Given the two triangles:

$Δ ABC$
$Δ DEF$

Likewise we know that

$∢A=∢D$
$∢B=∢D$

Prove that the two triangles are similar.

The proof is immediate. We will rely on the criterion we have just learned. Let's note that we have been given two respectively equal angles in the two triangles. We will write it down as follows:

$∢A=∢D$ (angle)
$∢B=∢E$ (angle).

It follows that:
$Δ ABC$ ~ $Δ DEF$ (According to the similarity criterion Angle - Angle).

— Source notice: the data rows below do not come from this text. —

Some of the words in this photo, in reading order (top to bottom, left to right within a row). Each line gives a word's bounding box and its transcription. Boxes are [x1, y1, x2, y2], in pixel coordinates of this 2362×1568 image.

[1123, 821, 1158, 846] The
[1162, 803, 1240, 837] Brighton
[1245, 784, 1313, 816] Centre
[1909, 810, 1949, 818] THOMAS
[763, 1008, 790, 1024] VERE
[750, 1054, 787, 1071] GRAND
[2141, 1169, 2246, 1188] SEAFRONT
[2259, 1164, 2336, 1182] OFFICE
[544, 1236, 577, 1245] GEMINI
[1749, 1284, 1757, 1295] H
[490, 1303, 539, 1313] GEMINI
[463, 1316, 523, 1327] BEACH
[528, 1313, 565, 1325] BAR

We observe that, if in two triangles there is equivalence between two pairs of corresponding angles, there must be equivalence between the third pair, since the sum of the internal angles of a triangle is always$180°$. This is the explanation of the first criterion of similarity: Angle - Angle.

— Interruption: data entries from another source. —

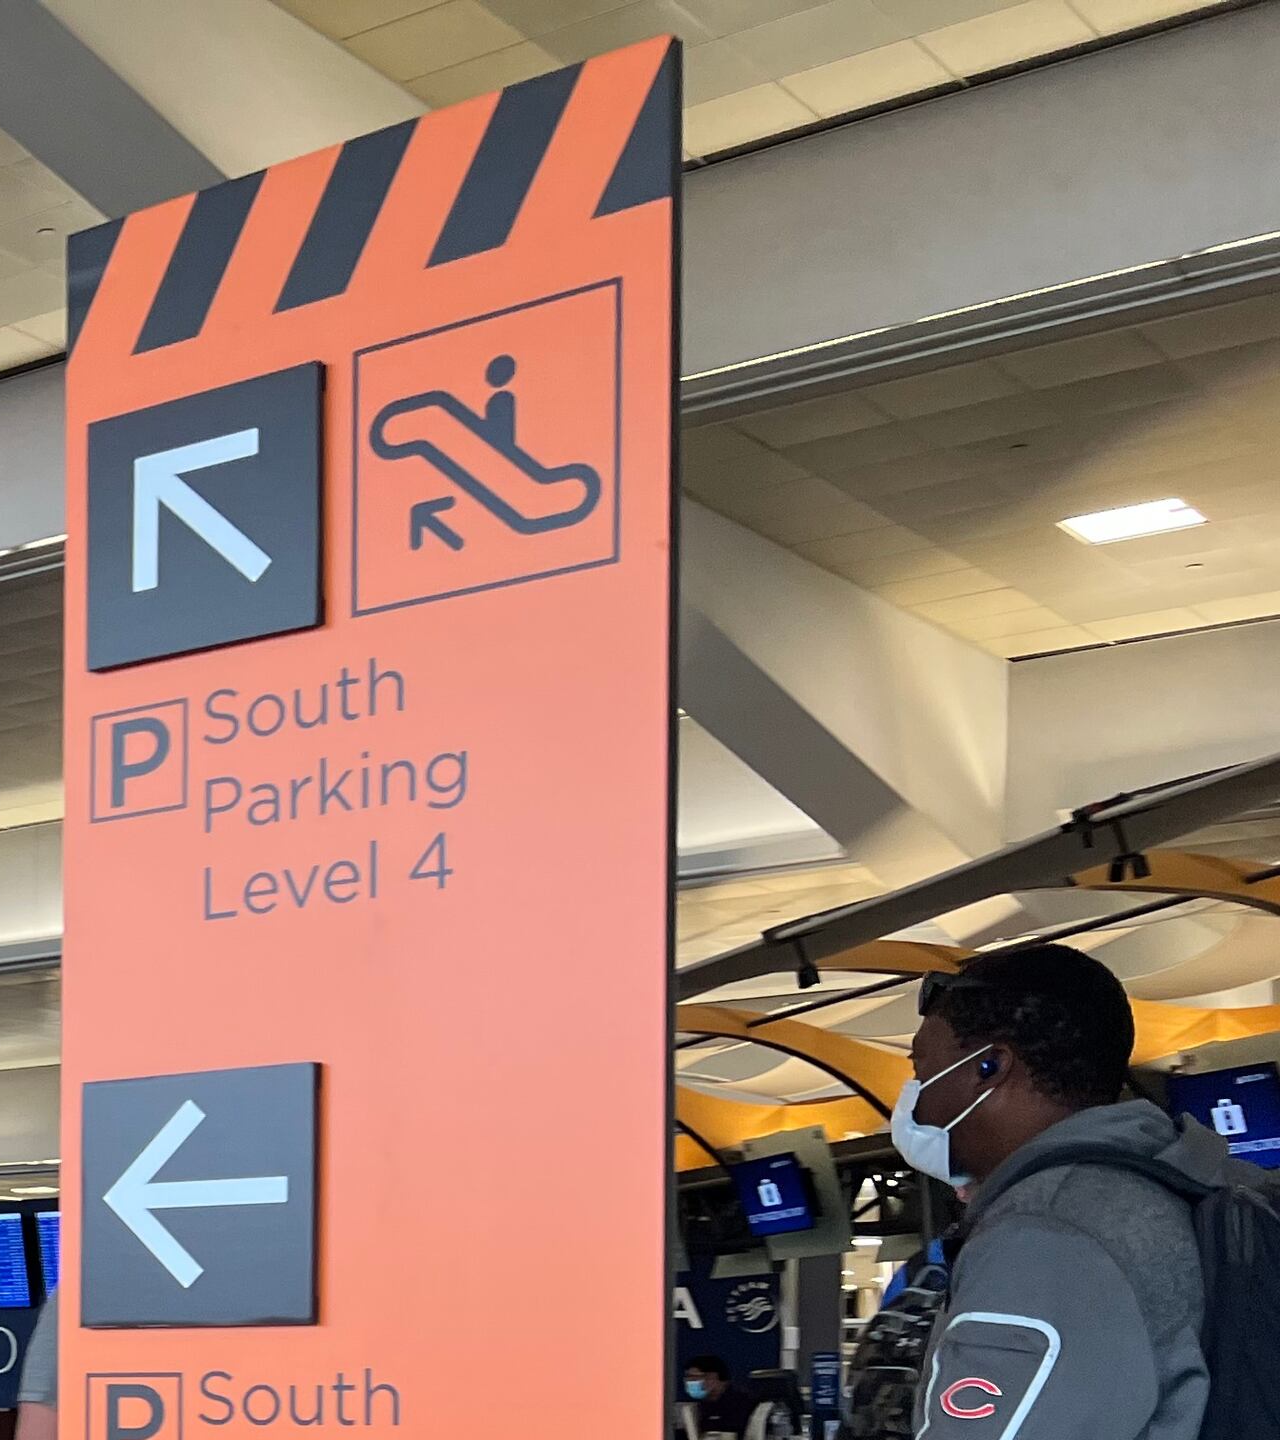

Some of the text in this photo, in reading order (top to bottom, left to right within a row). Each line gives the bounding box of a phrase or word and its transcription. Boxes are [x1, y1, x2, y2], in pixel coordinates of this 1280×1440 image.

[203, 658, 406, 744] South
[111, 717, 170, 808] P
[204, 750, 468, 833] Parking
[203, 832, 454, 920] Level 4
[198, 1367, 401, 1427] South

## Similarity criterion 2 - Side, Angle, Side (SAS)

Definition: Side - Angle - Side (SAS): Two triangles are similar if the ratio between two pairs of sides and also the angle they form are equal.

Do you know what the answer is?

### Example 2

Given the two triangles
$Δ ABC$
$Δ DEF$

We also know that:
$BC = 4$
$CA = 6$
$EF = 2$
$FD = 3$
$∢F=∢C$

Prove that the triangles are similar and calculate the similarity ratio.

Demonstration:
We will rely on the second criterion of similarity that we just learned: Side - Angle - Side.

Let's pay attention to the relationship between the length of the sides:
$\frac{FD}{CA}=\frac{3}{6}=\frac{1}{2}$

$\frac{EF}{BC}=\frac{2}{4}=\frac{1}{2}$

That is, we see that the ratio between two pairs of sides is equal.
Also the datum
$∢F=∢C$

That is, the angles formed between the two pairs of sides are equal.
From the above we can deduce that

$Δ ABC$ ~ $Δ DEF$ (According to the similarity criterion Side - Angle - Side).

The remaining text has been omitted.